_Problem statement_
For this exercise, copy the data exactly and omit any images.

Saved entries:
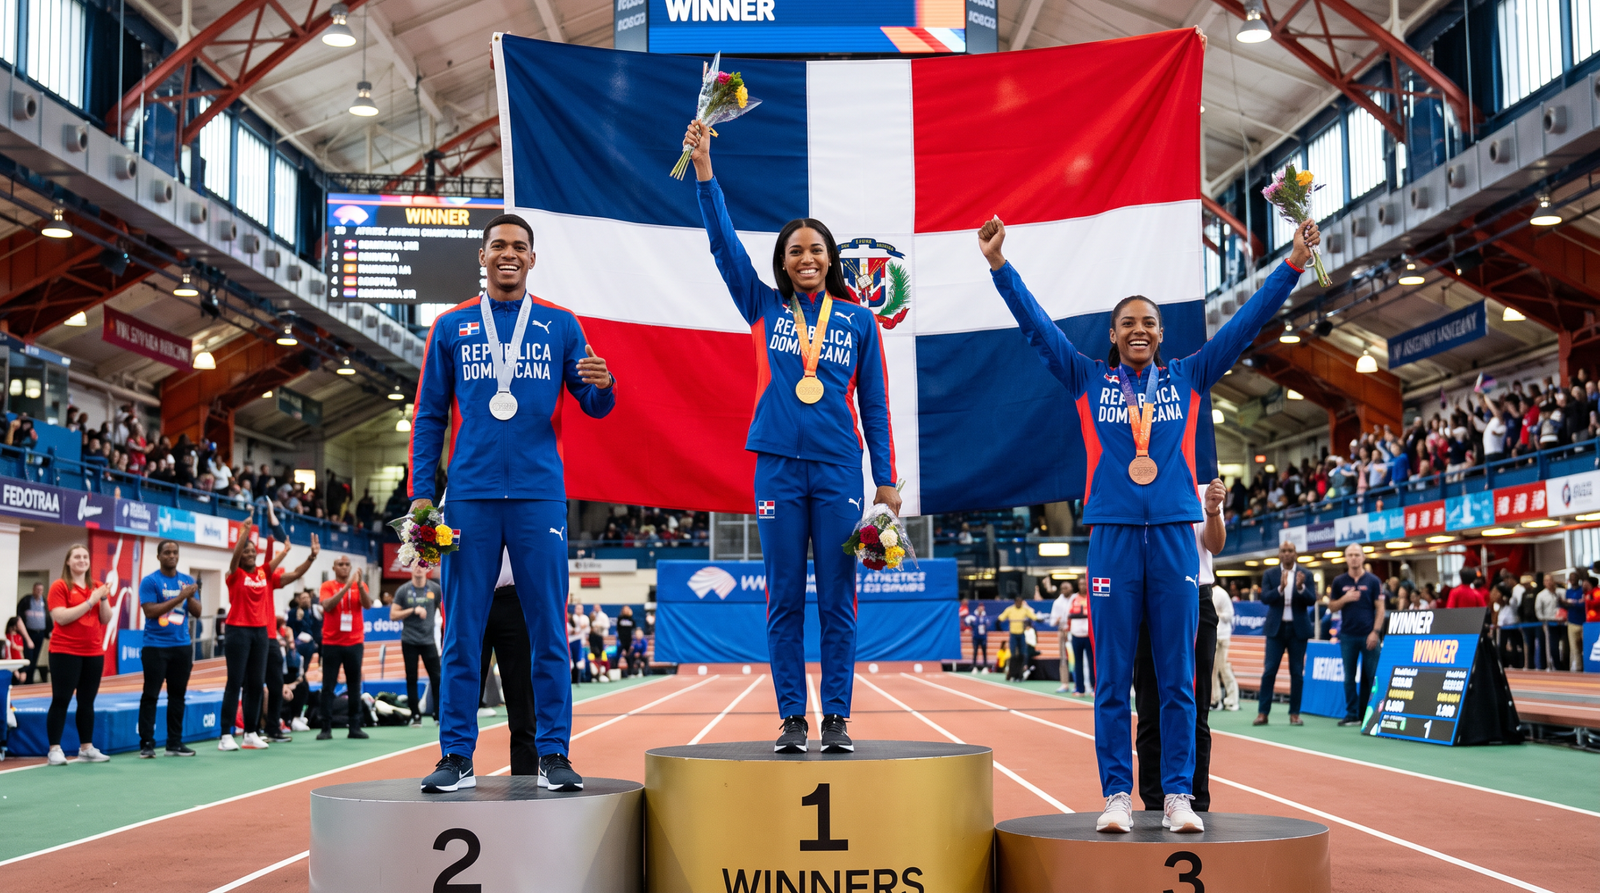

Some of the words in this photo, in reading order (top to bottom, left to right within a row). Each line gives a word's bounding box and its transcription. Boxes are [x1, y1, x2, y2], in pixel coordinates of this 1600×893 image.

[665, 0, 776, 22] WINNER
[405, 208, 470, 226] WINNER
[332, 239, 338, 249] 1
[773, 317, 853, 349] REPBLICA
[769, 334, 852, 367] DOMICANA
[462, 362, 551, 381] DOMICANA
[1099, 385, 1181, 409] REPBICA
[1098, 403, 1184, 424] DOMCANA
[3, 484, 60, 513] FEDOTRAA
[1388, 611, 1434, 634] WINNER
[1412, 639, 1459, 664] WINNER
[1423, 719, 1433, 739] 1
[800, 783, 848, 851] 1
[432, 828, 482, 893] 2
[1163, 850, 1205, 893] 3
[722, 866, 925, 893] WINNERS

_Your solution_
Some of the words in this photo, in reading order (top to bottom, left to right within a row). Each line gives a word's bounding box and its transcription. Boxes are [x1, y1, x2, y2], in pixel coordinates of this 1600×893 image.

[665, 0, 776, 22] WINNER
[405, 208, 470, 226] WINNER
[332, 239, 338, 249] 1
[773, 317, 853, 349] REPBLICA
[769, 334, 852, 367] DOMICANA
[462, 362, 551, 381] DOMICANA
[1099, 385, 1181, 409] REPBICA
[1098, 403, 1184, 424] DOMCANA
[3, 484, 60, 513] FEDOTRAA
[1388, 611, 1434, 634] WINNER
[1412, 639, 1459, 664] WINNER
[1423, 719, 1433, 739] 1
[800, 783, 848, 851] 1
[432, 828, 482, 893] 2
[1163, 850, 1205, 893] 3
[722, 866, 925, 893] WINNERS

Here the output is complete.